“Dès que tu n'es plus désirée, rester actrice devient rude” : ces mots puissants résonnent encore après l’intervention de Karin Viard sur le plateau de C à Vous. La comédienne française, reconnue et Césarisée, a osé aborder un sujet longtemps passé sous silence : l'âgisme dans le cinéma et le traitement différencié réservé aux femmes à partir d’un certain âge.
L'âgisme dans le cinéma, quand la jeunesse devient un critère
Karin Viard, forte de plus de trente ans d'expérience dans le cinéma français, connaît intimement les coulisses de ce milieu. Sur le plateau du talk-show quotidien, elle n’a pas mâché ses mots : "Le cinéma, c'est assez rude en fait…". Elle dénonce le fait que les femmes sont jugées selon leur désirabilité sexuelle, une problématique qui ne touche pas les hommes de la même manière.
La comédienne ajoute : "C'est assez rude car quand tu es une femme, dès que tu n'es plus désirée, c'est à dire à un certain âge, c'est rude..."
Le "marché de la bonne meuf" et les exclusions féminines
Cette réflexion rejoint celle de Virginie Despentes dans King Kong Théorie qui parle du "marché de la bonne meuf". Selon elle, les femmes âgées, ou celles qui ne correspondent pas aux standards de beauté, sont systématiquement exclues :
| Critère | Exclusion | Exemple |
|---|---|---|
| Âge | Les femmes après 40 ans | Actrices françaises moins sollicitées |
| Apparence | Non conformes aux standards beauté | Peu de rôles principaux |
| Sexualisation | Non désirables selon les critères patriarcaux | Rôles réduits à des stéréotypes |
Ce constat met en lumière la persistance de stéréotypes et un sexisme implicite, qui continuent d’affecter le cinéma français et la carrière des actrices au-delà d’un certain âge.
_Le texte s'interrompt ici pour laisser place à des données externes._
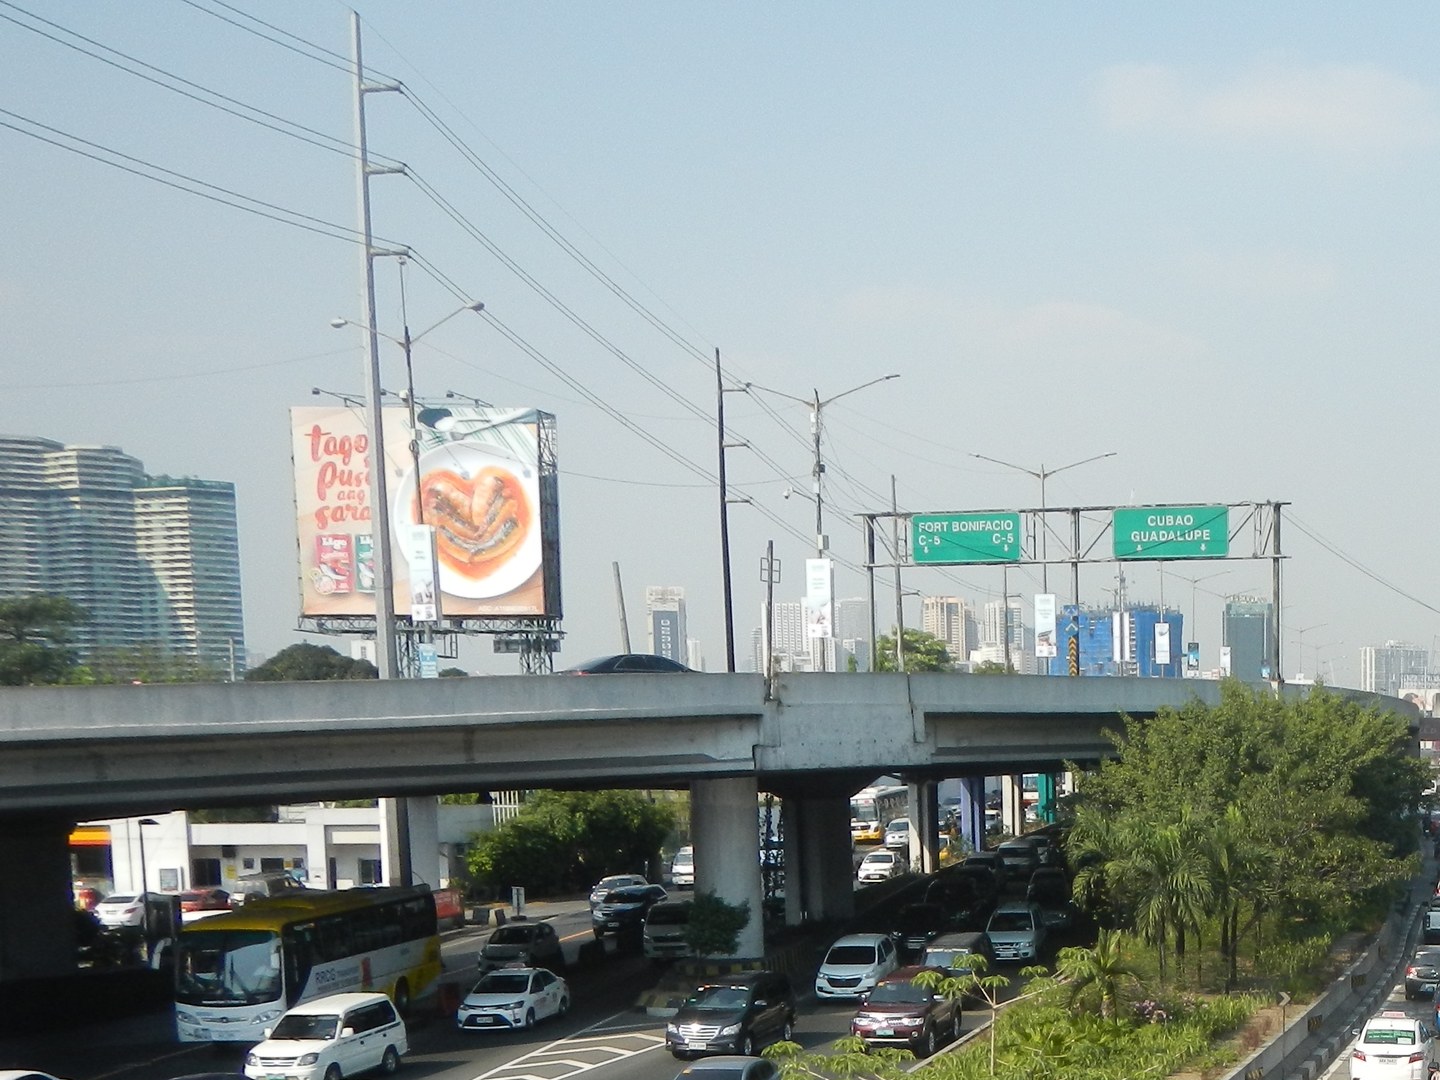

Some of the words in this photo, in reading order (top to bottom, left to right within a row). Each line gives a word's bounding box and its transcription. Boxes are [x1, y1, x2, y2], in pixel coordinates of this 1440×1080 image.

[919, 522, 948, 532] FORT
[952, 520, 1013, 532] BONIFACIO
[1147, 514, 1193, 526] CUBAO
[1131, 529, 1211, 542] GUADALUPE
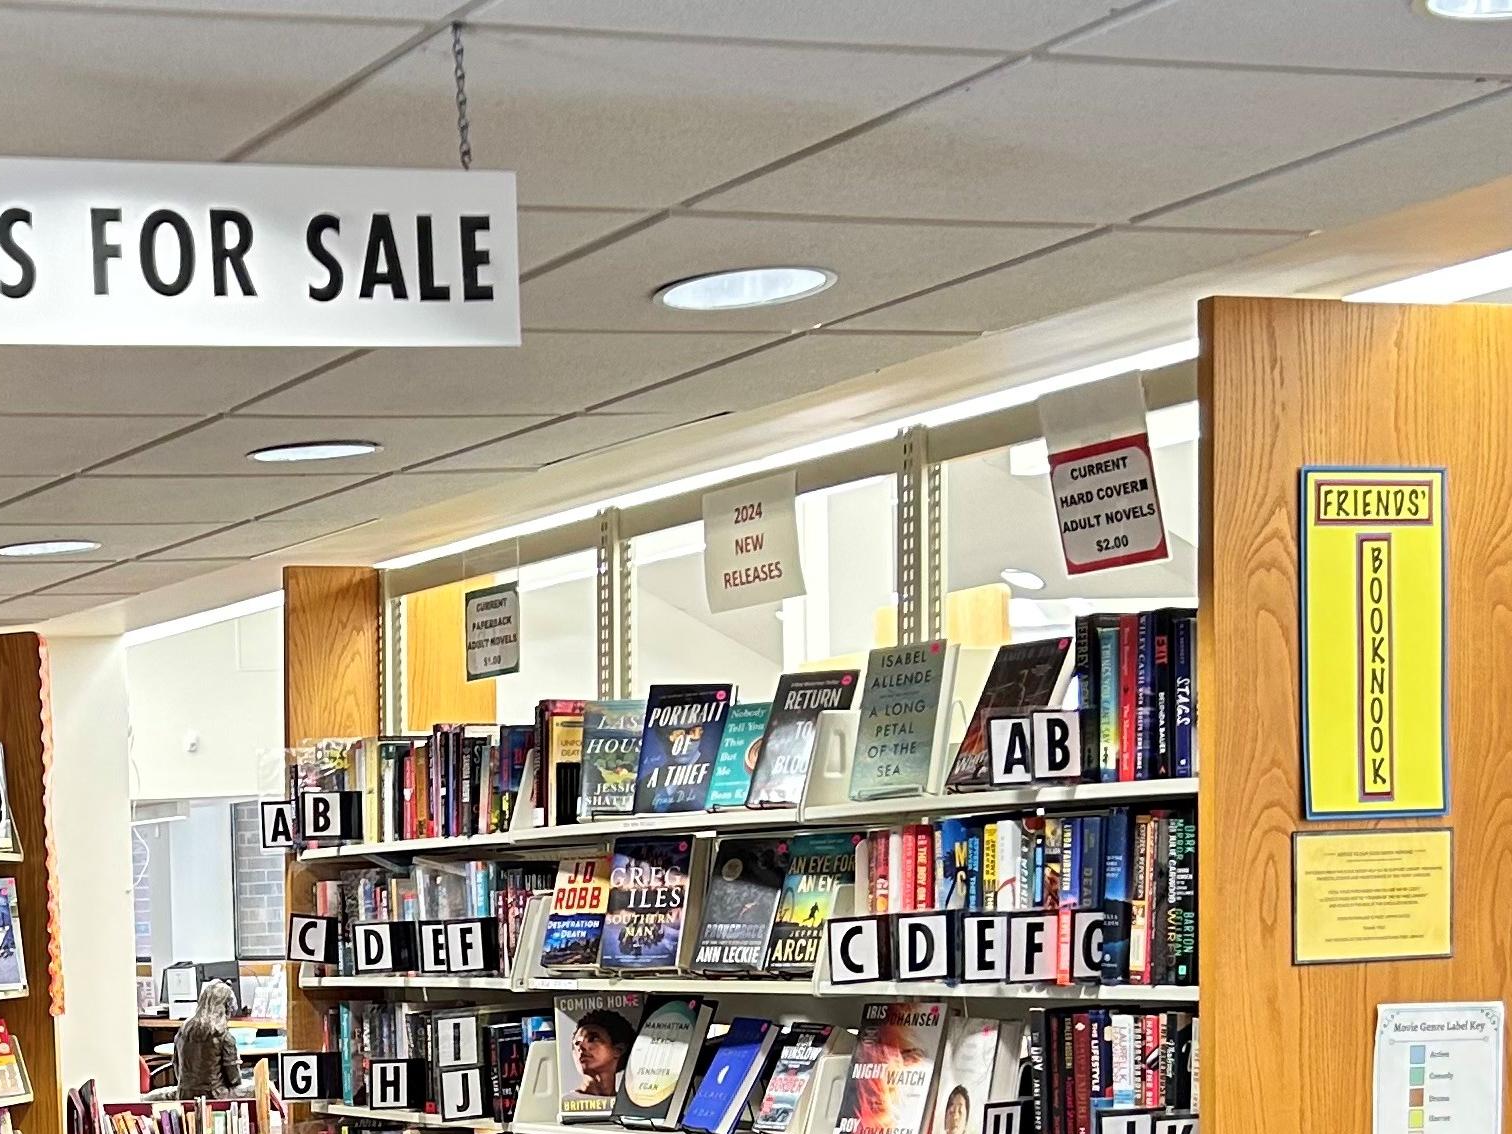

Une comparaison révélatrice, hommes vs femmes
Dans son intervention, Karin Viard souligne une inégalité flagrante : "A partir du moment où tu as un certain âge, on estime que tu n'es plus désirable aux yeux des gens… Quand tu es une femme ! Brad Pitt, là par contre, qui a le même âge que moi, on le trouve toujours aussi désirable." Cette différence montre qu’il existe un véritable gender gap dans l’industrie cinématographique, où les hommes conservent une longévité professionnelle et une attractivité médiatique bien plus importantes.
Les conséquences de l’âgisme sur les actrices
L’impact de ce traitement inégal est multiple :
- Réduction des opportunités professionnelles : les rôles principaux pour femmes de plus de 40 ans sont rares.
- Stéréotypes renforcés : lorsqu’elles obtiennent un rôle, c’est souvent dans des personnages secondaires ou stéréotypés.
- Pression sociale et psychologique : le regard de l’industrie influence l’estime de soi et la carrière.
Lutter contre l’âgisme, le rôle des médias et du public
Karin Viard et d’autres actrices prennent la parole pour dénoncer ces pratiques et sensibiliser le public. Cette prise de conscience est essentielle pour :
- Encourager les réalisateurs à diversifier les profils féminins à l’écran.
- Briser les stéréotypes liés à l’âge et à l’apparence.
- Promouvoir un cinéma plus inclusif et équitable.
L’âgisme dans le cinéma français reste un problème réel, comme l’illustre le témoignage de Karin Viard. La reconnaissance des actrices ne devrait pas être conditionnée par l’âge ou la désirabilité. Si certaines évolutions ont eu lieu, le chemin vers un traitement équitable des femmes dans l’industrie cinématographique reste long et nécessite la mobilisation collective des artistes, des producteurs et du public.
La voix de Karin Viard résonne comme un rappel nécessaire : le cinéma doit refléter la diversité et la richesse de la société, sans exclure les femmes à mesure qu’elles vieillissent. L’égalité de traitement et la fin de l’âgisme sont des enjeux cruciaux pour un cinéma inclusif et moderne.